TASK STATEMENT: Omit the pictures, then write out every entry exactly as it reads.

------------------------------

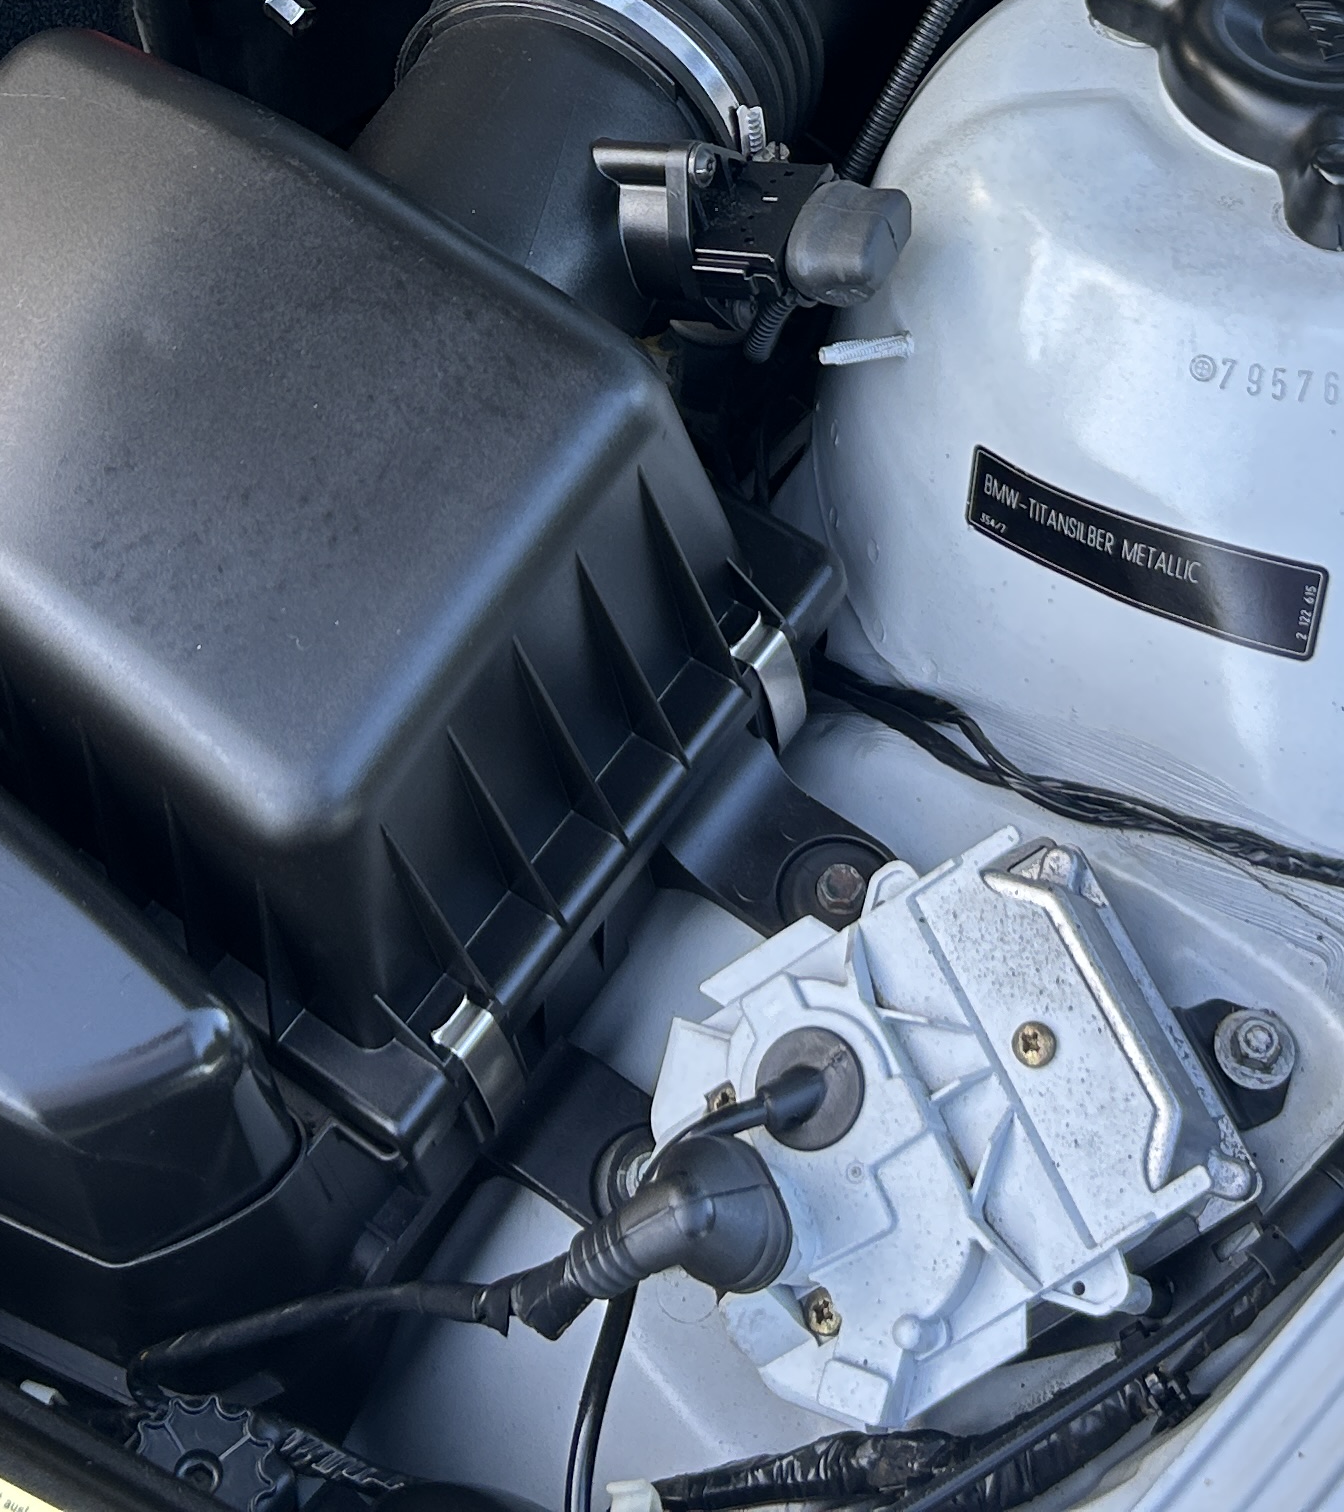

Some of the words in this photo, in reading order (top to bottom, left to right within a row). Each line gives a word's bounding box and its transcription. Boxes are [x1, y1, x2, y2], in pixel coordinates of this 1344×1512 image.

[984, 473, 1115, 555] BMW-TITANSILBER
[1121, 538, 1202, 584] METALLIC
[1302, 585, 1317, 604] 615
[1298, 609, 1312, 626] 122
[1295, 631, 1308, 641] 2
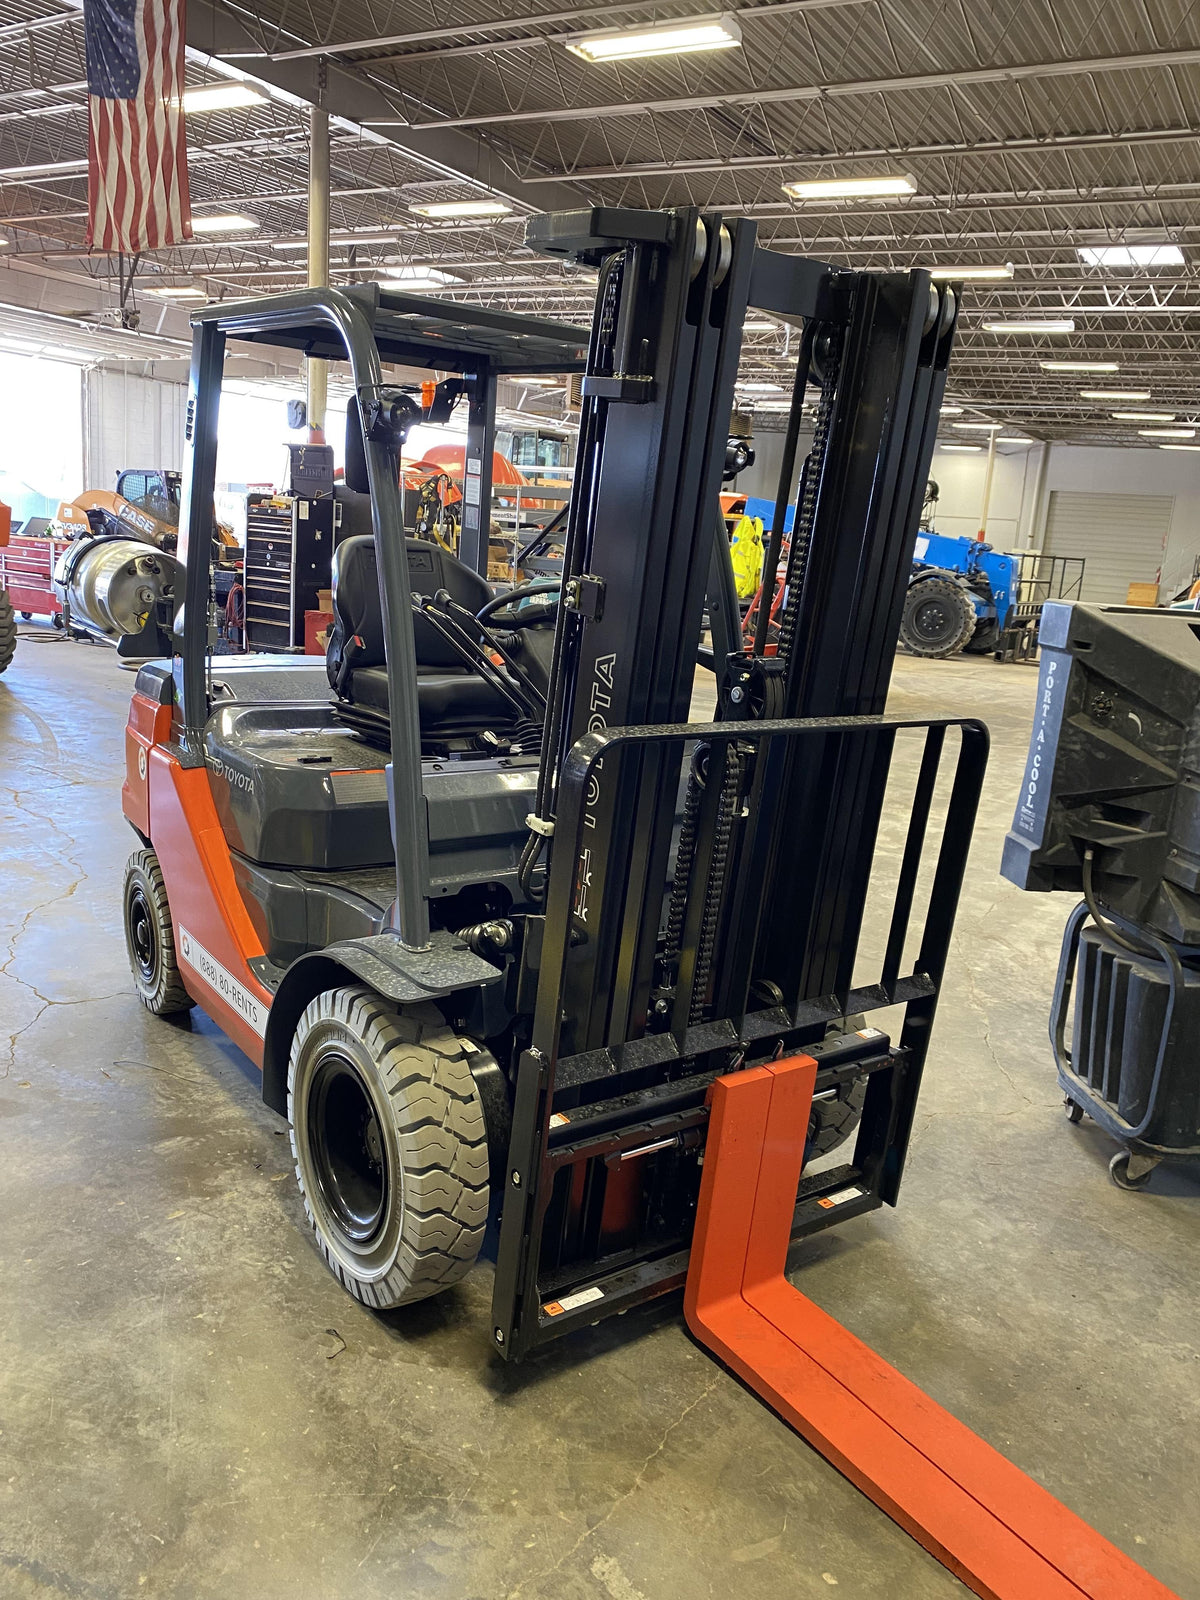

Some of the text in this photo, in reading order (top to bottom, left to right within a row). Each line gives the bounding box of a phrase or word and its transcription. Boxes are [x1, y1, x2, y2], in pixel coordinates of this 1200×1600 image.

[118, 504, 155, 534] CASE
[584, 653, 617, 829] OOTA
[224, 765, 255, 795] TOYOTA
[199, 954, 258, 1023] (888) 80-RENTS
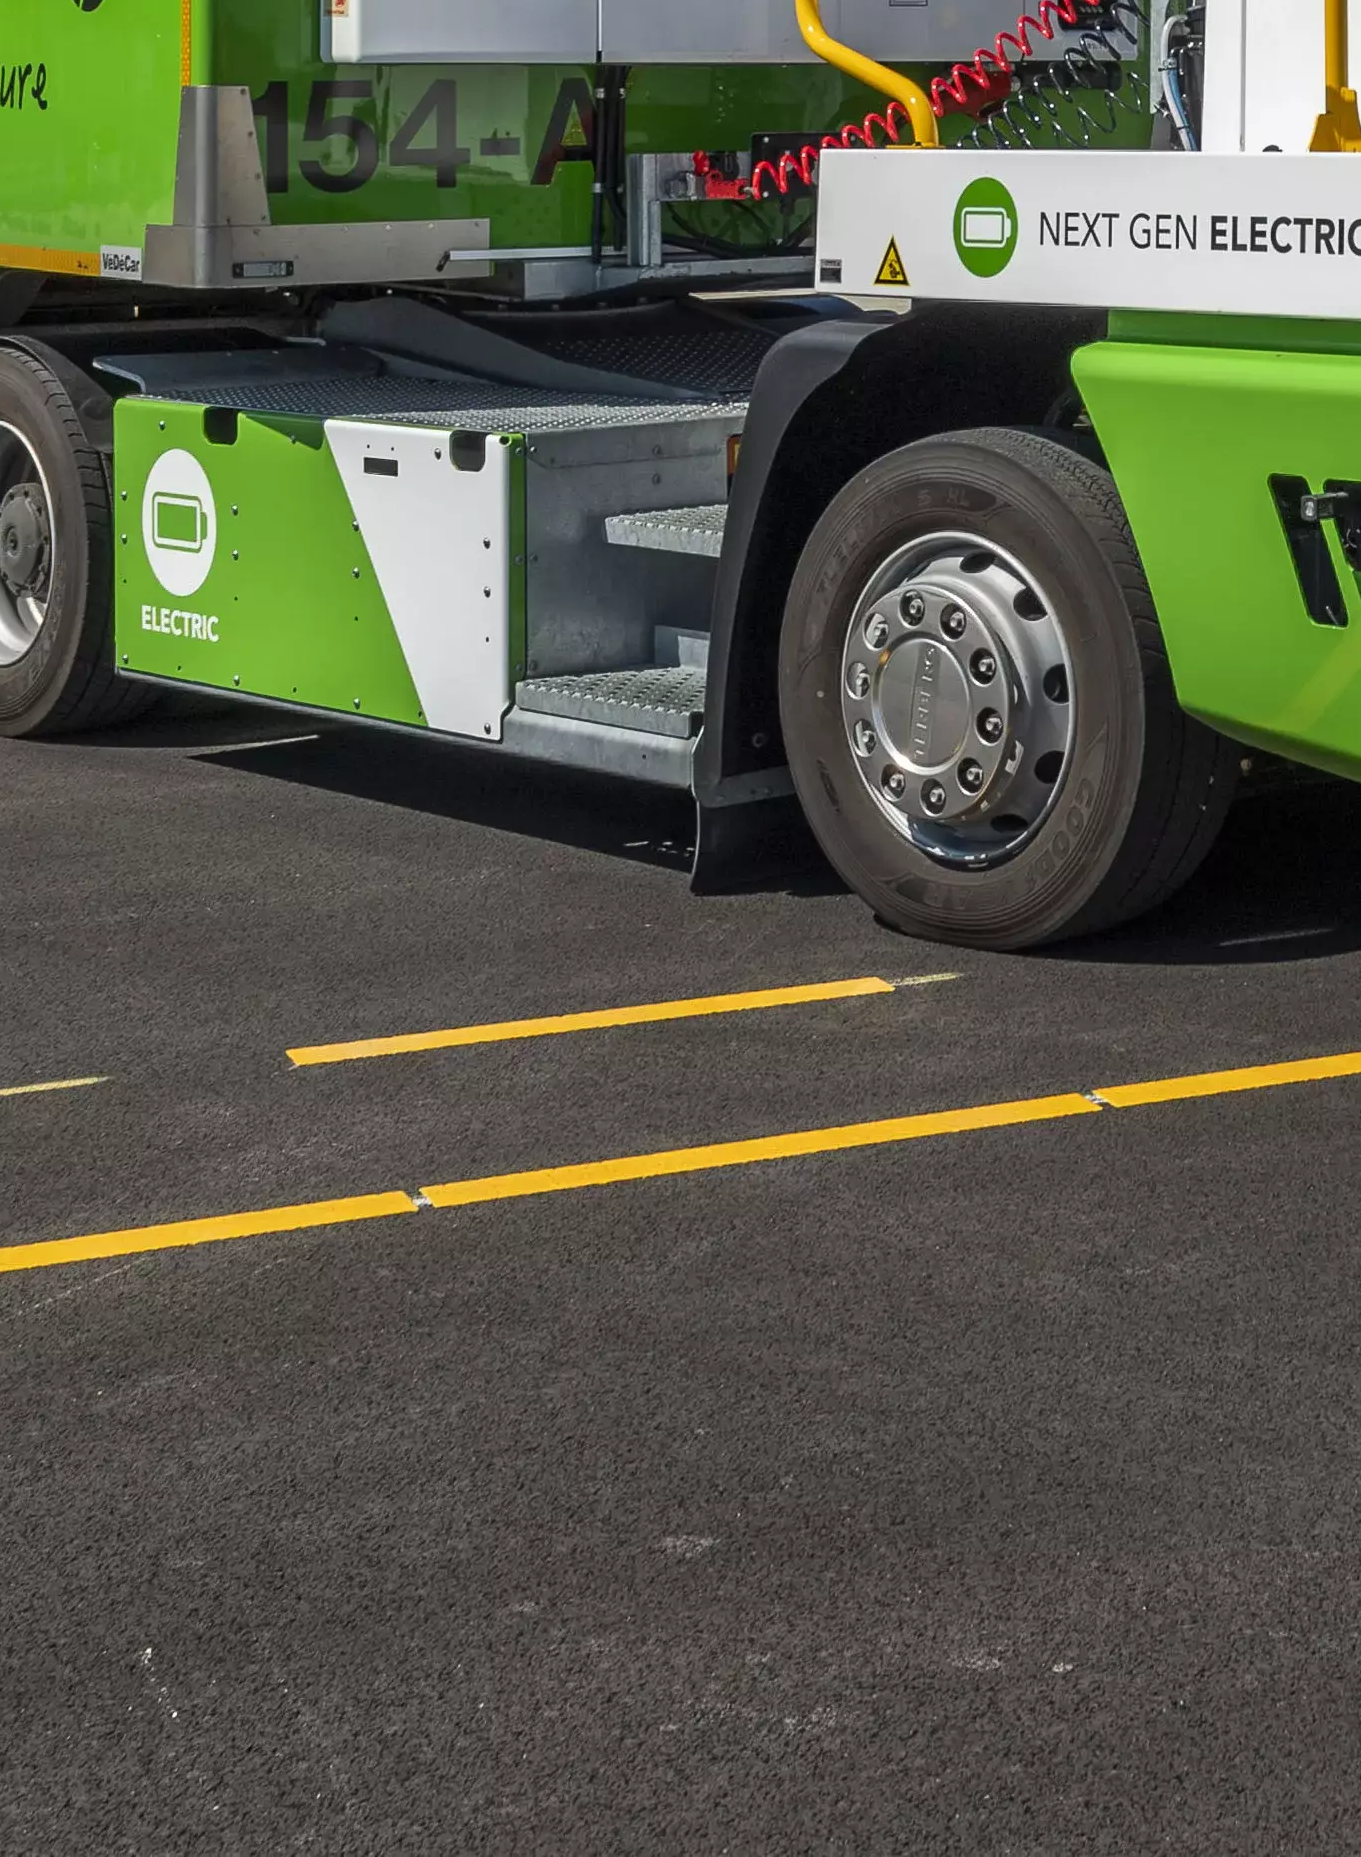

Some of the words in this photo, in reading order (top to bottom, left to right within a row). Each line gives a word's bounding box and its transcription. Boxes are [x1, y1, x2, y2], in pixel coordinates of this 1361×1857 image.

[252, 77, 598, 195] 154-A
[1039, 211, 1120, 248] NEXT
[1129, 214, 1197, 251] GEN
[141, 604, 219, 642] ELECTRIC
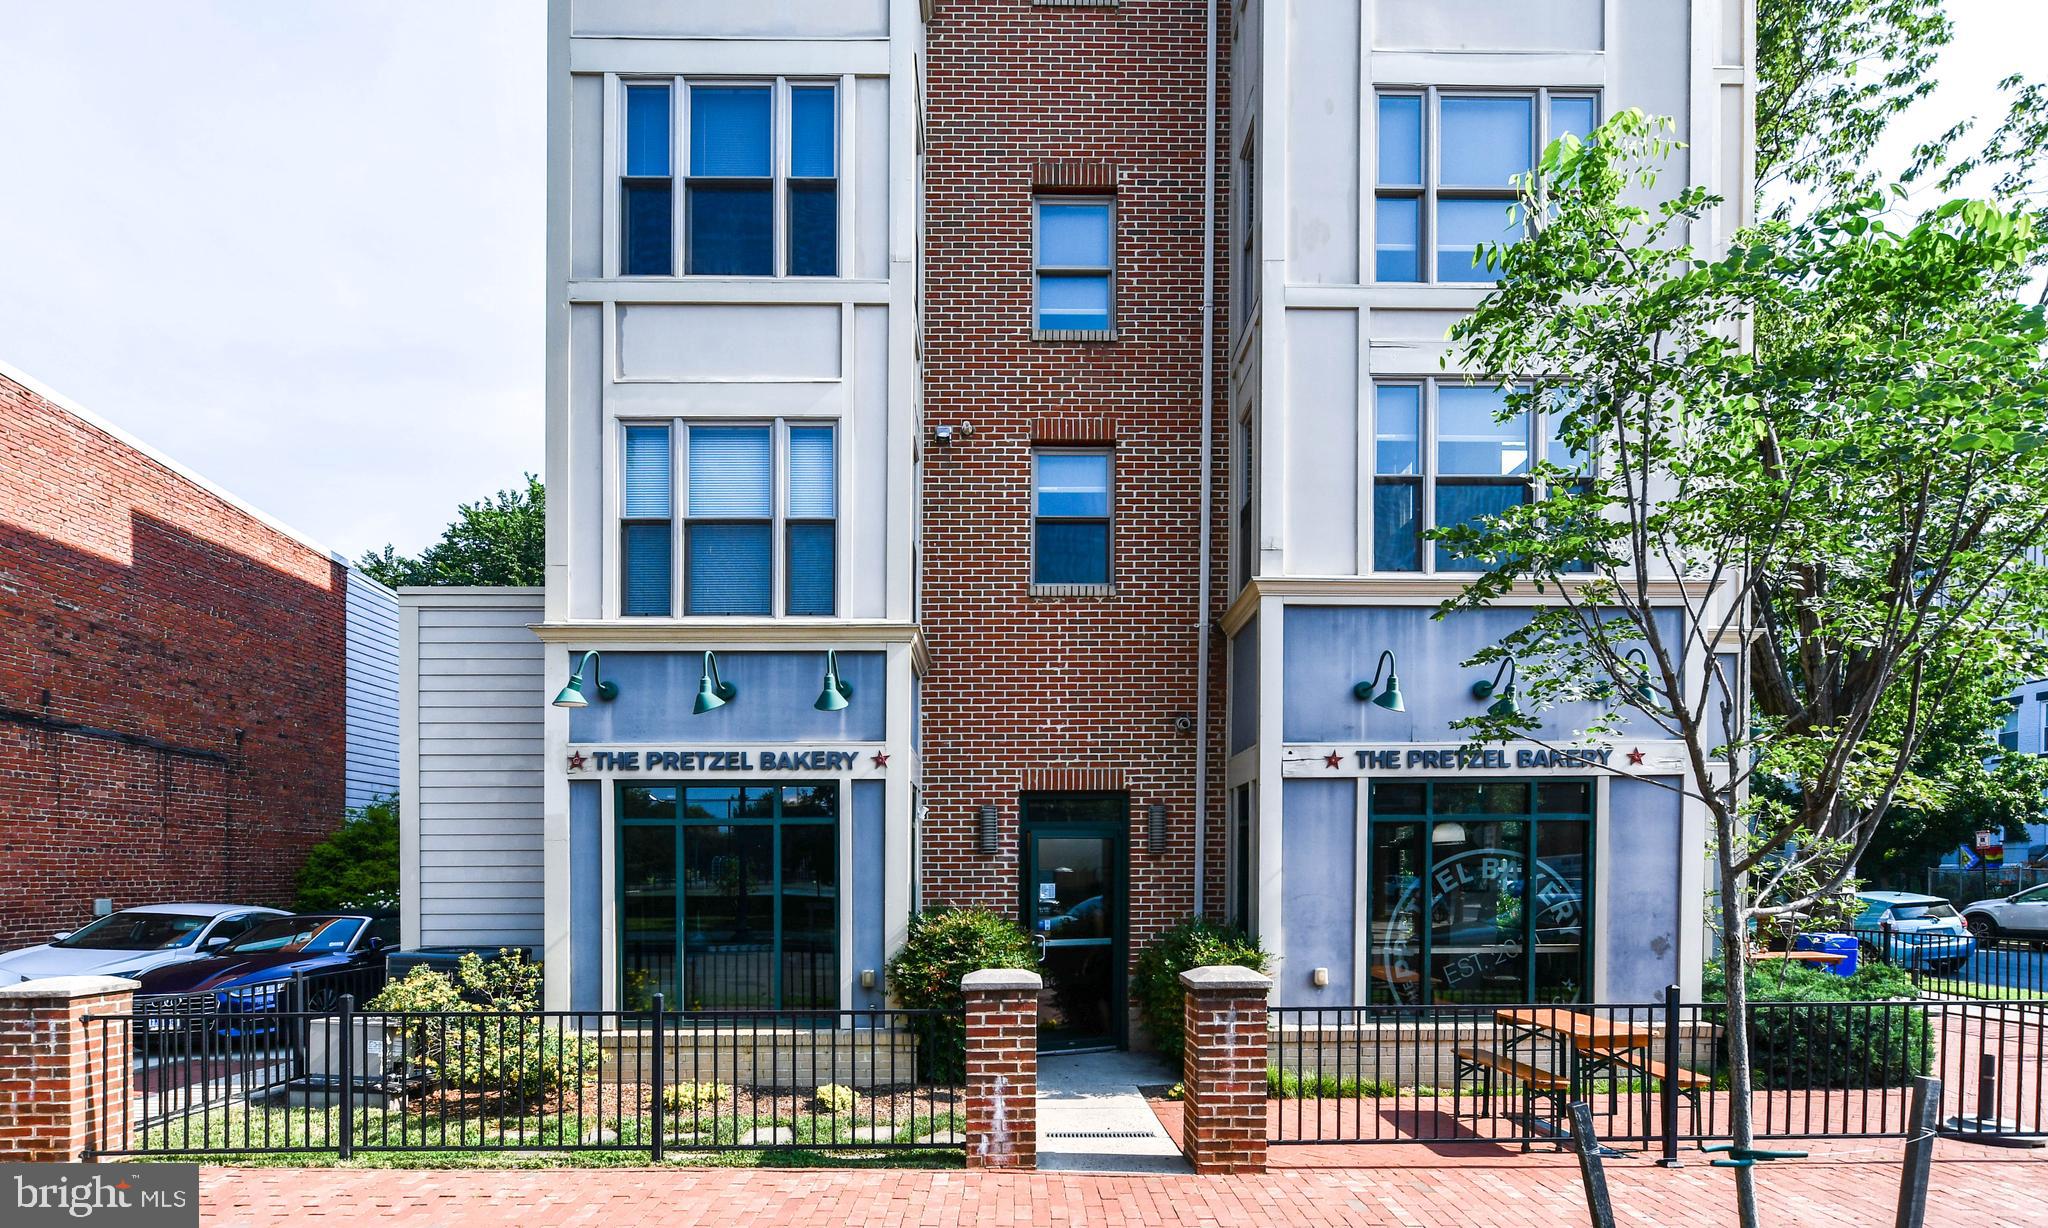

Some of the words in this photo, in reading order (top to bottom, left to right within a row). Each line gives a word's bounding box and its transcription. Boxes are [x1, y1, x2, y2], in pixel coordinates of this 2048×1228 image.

------------------------------

SOLUTION TO THIS PROBLEM:
Some of the words in this photo, in reading order (top to bottom, left to right within a row). Each line gives a word's bounding box and its transcription. Boxes are [x1, y1, x2, y2], in pixel coordinates of this 1344×1512 image.

[984, 473, 1115, 555] BMW-TITANSILBER
[1121, 538, 1202, 584] METALLIC
[1302, 585, 1317, 604] 615
[1298, 609, 1312, 626] 122
[1295, 631, 1308, 641] 2

Some of the text in this photo, in reading order (top to bottom, left to right within a row). Each line gives the bounding box of a phrase or word and its transcription. Boxes are [x1, y1, x2, y2], in pixel coordinates of this 1200×1600 image.

[118, 504, 155, 534] CASE
[584, 653, 617, 829] OOTA
[224, 765, 255, 795] TOYOTA
[199, 954, 258, 1023] (888) 80-RENTS

Some of the words in this photo, in reading order (top to bottom, left to right within a row). Each line gives a word's bounding box and its transcription. Boxes are [x1, y1, x2, y2], in pixel coordinates of this 1361×1857 image.

[252, 77, 598, 195] 154-A
[1039, 211, 1120, 248] NEXT
[1129, 214, 1197, 251] GEN
[141, 604, 219, 642] ELECTRIC

Some of the words in this photo, in reading order (top to bottom, left to right within a row). Each line gives a word's bounding box and its transcription. Boxes are [x1, y1, x2, y2], in pixel coordinates of this 2048×1228 image.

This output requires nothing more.